#### What is being asked:
What is needed is an exact repeat of the entries, with no pictures in it.

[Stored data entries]
- - -

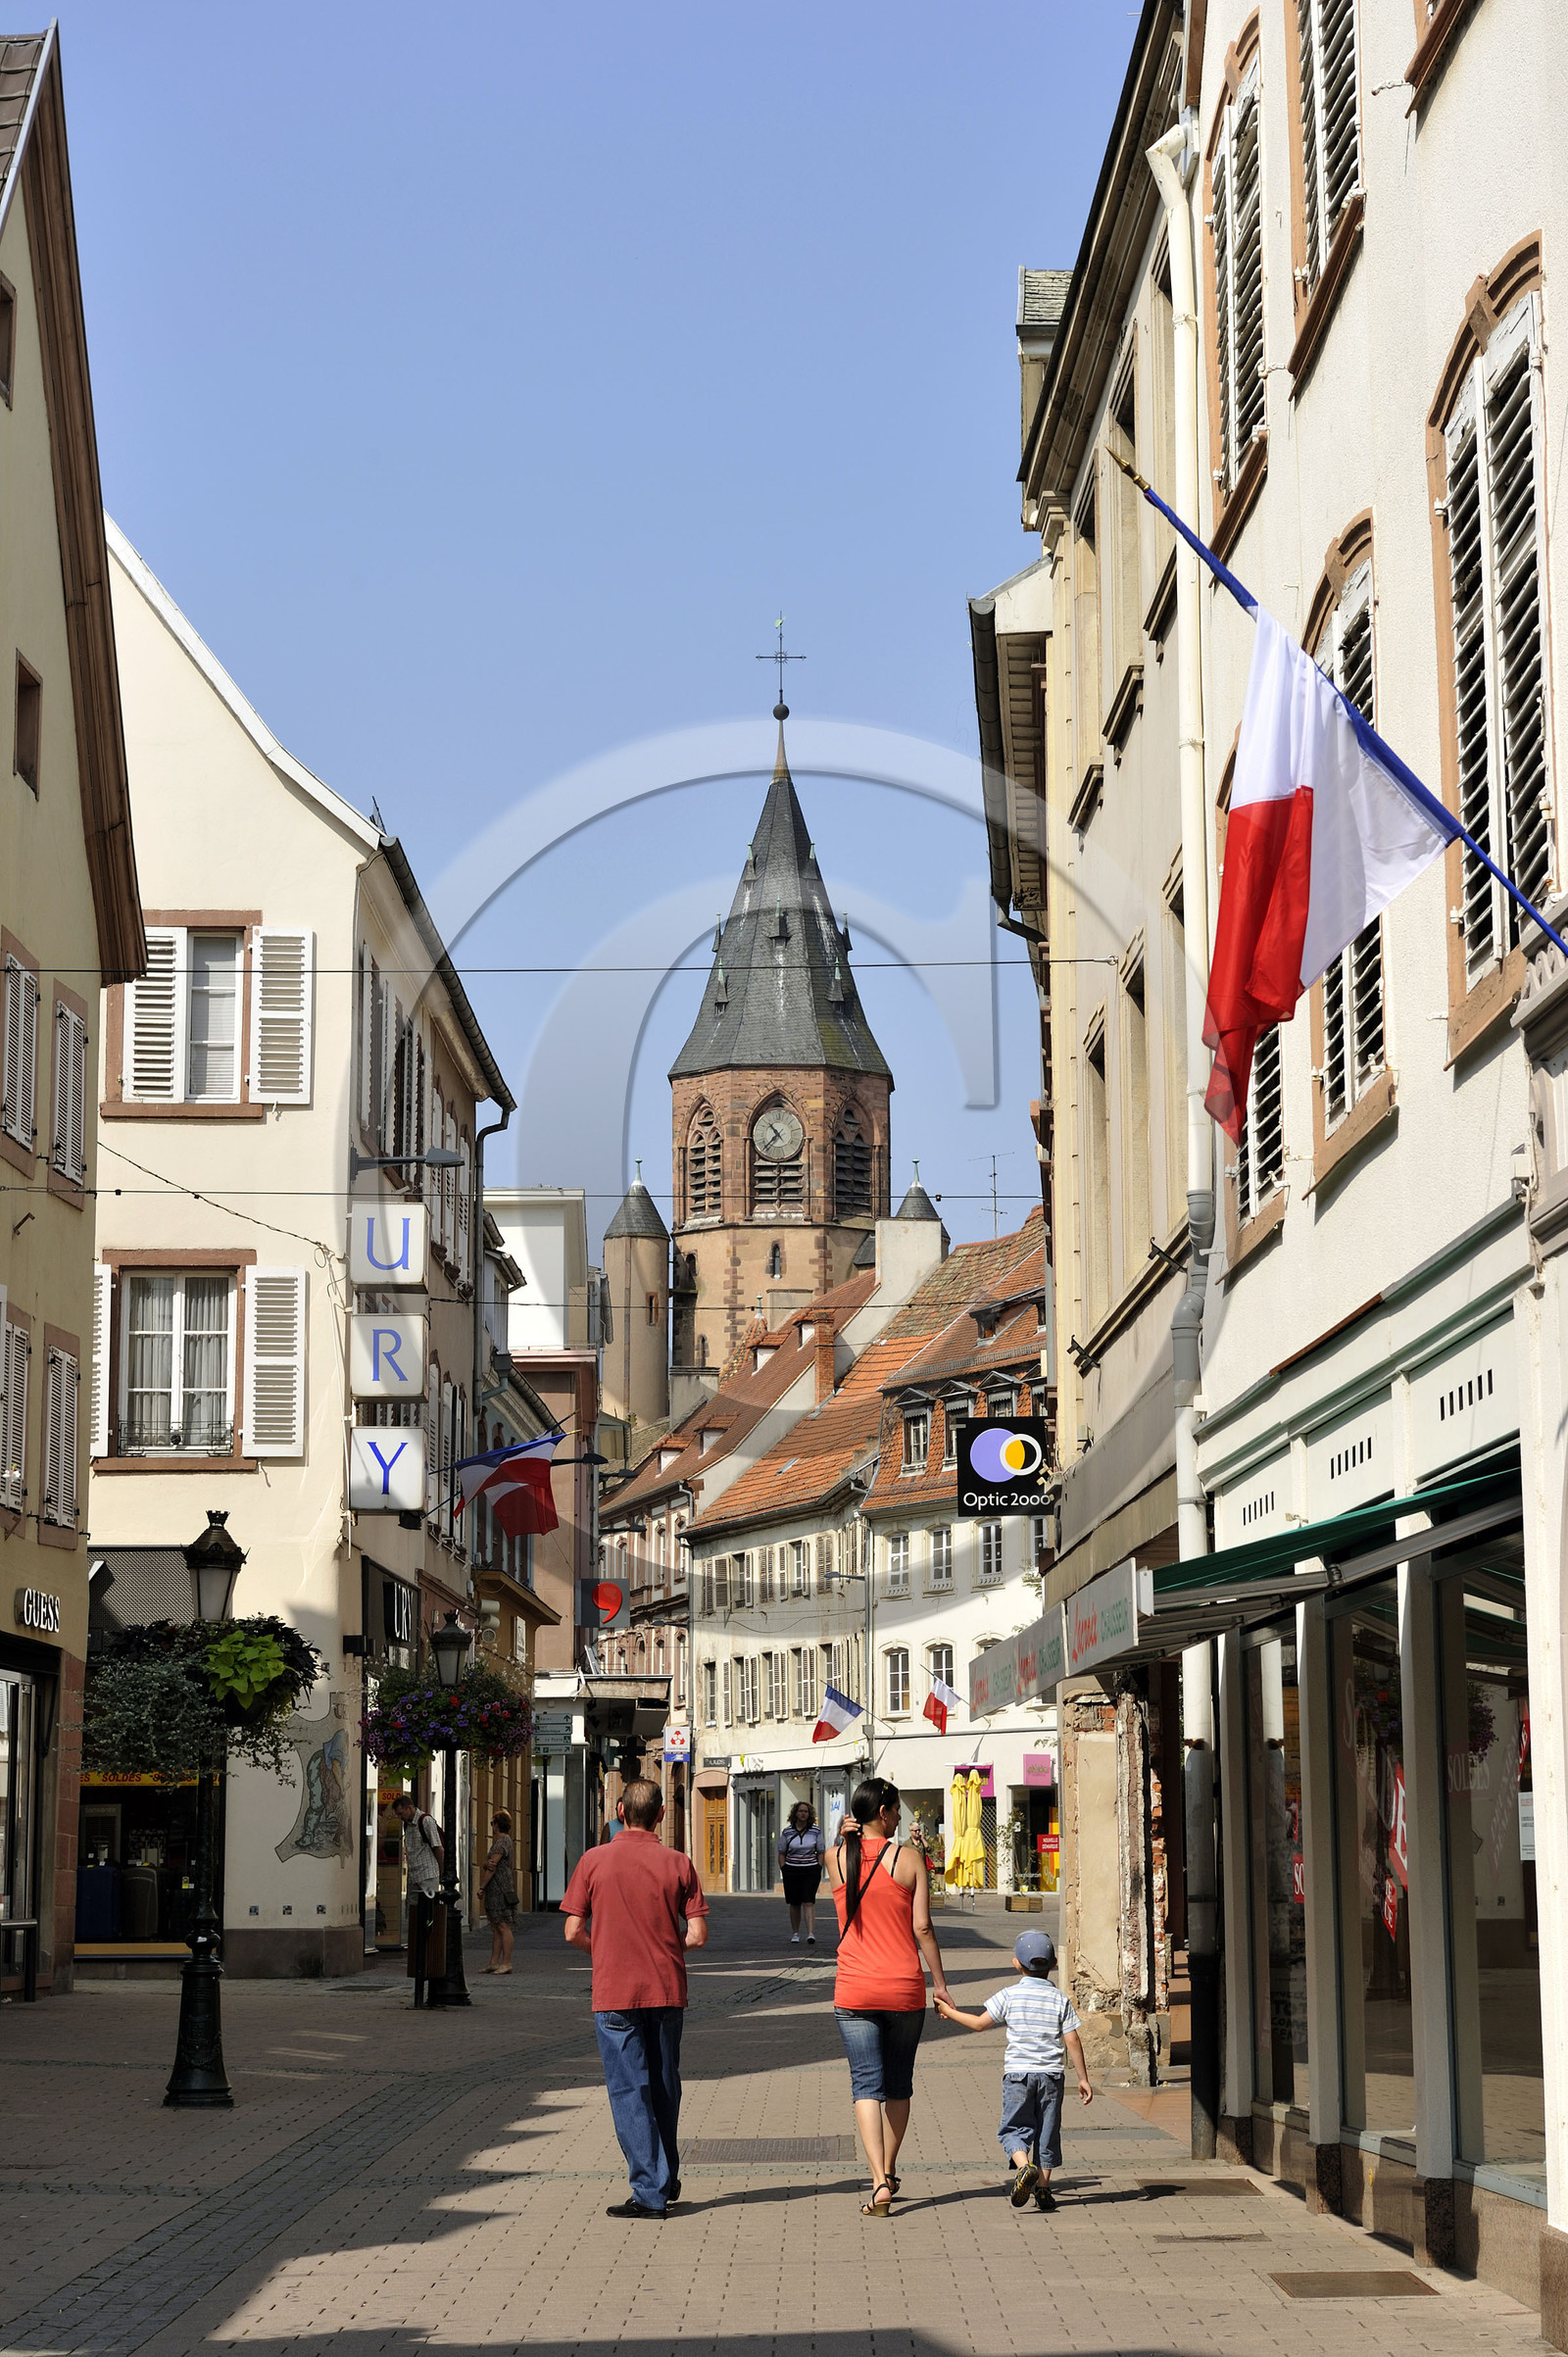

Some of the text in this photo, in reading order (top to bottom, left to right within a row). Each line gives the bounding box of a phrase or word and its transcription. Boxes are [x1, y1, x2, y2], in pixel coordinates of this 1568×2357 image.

[963, 1492, 1051, 1510] Optic 2000
[24, 1587, 61, 1633] GUESS
[394, 1582, 414, 1643] URY
[101, 1773, 142, 1783] SOLDES

- - -

#### Answer space:
Some of the text in this photo, in reading order (top to bottom, left to right within a row). Each line gives the bounding box of a phrase or word and its transcription. Boxes are [x1, y1, x2, y2], in pixel coordinates of this 1568×2357 image.

[963, 1492, 1051, 1510] Optic 2000
[24, 1587, 61, 1633] GUESS
[394, 1582, 414, 1643] URY
[101, 1773, 142, 1783] SOLDES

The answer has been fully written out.